(Phrase grounding data)
***

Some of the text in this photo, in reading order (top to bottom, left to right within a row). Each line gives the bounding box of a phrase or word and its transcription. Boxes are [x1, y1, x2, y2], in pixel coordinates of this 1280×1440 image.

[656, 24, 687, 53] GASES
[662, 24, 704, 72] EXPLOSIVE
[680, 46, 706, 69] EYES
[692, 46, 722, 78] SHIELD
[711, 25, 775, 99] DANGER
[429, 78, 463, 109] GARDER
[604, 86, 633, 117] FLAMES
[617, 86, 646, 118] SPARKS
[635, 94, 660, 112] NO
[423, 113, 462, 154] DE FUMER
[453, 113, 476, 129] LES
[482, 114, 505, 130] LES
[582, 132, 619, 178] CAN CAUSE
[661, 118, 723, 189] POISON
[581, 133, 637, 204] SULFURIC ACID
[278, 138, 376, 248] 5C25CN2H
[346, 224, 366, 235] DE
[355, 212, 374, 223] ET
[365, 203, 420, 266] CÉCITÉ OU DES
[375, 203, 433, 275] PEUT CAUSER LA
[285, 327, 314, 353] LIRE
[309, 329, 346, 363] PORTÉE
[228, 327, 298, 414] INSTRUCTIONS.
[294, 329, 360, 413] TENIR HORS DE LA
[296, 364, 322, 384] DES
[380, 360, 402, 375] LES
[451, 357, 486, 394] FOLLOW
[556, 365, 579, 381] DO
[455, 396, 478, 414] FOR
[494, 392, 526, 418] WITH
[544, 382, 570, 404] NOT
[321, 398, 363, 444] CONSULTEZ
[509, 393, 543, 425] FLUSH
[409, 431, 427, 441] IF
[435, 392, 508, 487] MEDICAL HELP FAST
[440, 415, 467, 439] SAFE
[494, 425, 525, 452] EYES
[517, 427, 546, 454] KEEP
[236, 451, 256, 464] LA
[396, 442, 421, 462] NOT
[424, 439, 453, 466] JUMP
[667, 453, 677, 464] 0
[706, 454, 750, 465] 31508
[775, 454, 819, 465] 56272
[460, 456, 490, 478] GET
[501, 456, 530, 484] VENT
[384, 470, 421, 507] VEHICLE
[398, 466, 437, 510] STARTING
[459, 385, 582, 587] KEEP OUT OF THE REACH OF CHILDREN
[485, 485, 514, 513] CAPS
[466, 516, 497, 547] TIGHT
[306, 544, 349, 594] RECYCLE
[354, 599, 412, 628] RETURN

***

◆ **What to do**
An exact transcription of all the entries is needed.

◆ **Answer for the task**
Some of the text in this photo, in reading order (top to bottom, left to right within a row). Each line gives the bounding box of a phrase or word and its transcription. Boxes are [x1, y1, x2, y2], in pixel coordinates of this 1280×1440 image.

[656, 24, 687, 53] GASES
[662, 24, 704, 72] EXPLOSIVE
[680, 46, 706, 69] EYES
[692, 46, 722, 78] SHIELD
[711, 25, 775, 99] DANGER
[429, 78, 463, 109] GARDER
[604, 86, 633, 117] FLAMES
[617, 86, 646, 118] SPARKS
[635, 94, 660, 112] NO
[423, 113, 462, 154] DE FUMER
[453, 113, 476, 129] LES
[482, 114, 505, 130] LES
[582, 132, 619, 178] CAN CAUSE
[661, 118, 723, 189] POISON
[581, 133, 637, 204] SULFURIC ACID
[278, 138, 376, 248] 5C25CN2H
[346, 224, 366, 235] DE
[355, 212, 374, 223] ET
[365, 203, 420, 266] CÉCITÉ OU DES
[375, 203, 433, 275] PEUT CAUSER LA
[285, 327, 314, 353] LIRE
[309, 329, 346, 363] PORTÉE
[228, 327, 298, 414] INSTRUCTIONS.
[294, 329, 360, 413] TENIR HORS DE LA
[296, 364, 322, 384] DES
[380, 360, 402, 375] LES
[451, 357, 486, 394] FOLLOW
[556, 365, 579, 381] DO
[455, 396, 478, 414] FOR
[494, 392, 526, 418] WITH
[544, 382, 570, 404] NOT
[321, 398, 363, 444] CONSULTEZ
[509, 393, 543, 425] FLUSH
[409, 431, 427, 441] IF
[435, 392, 508, 487] MEDICAL HELP FAST
[440, 415, 467, 439] SAFE
[494, 425, 525, 452] EYES
[517, 427, 546, 454] KEEP
[236, 451, 256, 464] LA
[396, 442, 421, 462] NOT
[424, 439, 453, 466] JUMP
[667, 453, 677, 464] 0
[706, 454, 750, 465] 31508
[775, 454, 819, 465] 56272
[460, 456, 490, 478] GET
[501, 456, 530, 484] VENT
[384, 470, 421, 507] VEHICLE
[398, 466, 437, 510] STARTING
[459, 385, 582, 587] KEEP OUT OF THE REACH OF CHILDREN
[485, 485, 514, 513] CAPS
[466, 516, 497, 547] TIGHT
[306, 544, 349, 594] RECYCLE
[354, 599, 412, 628] RETURN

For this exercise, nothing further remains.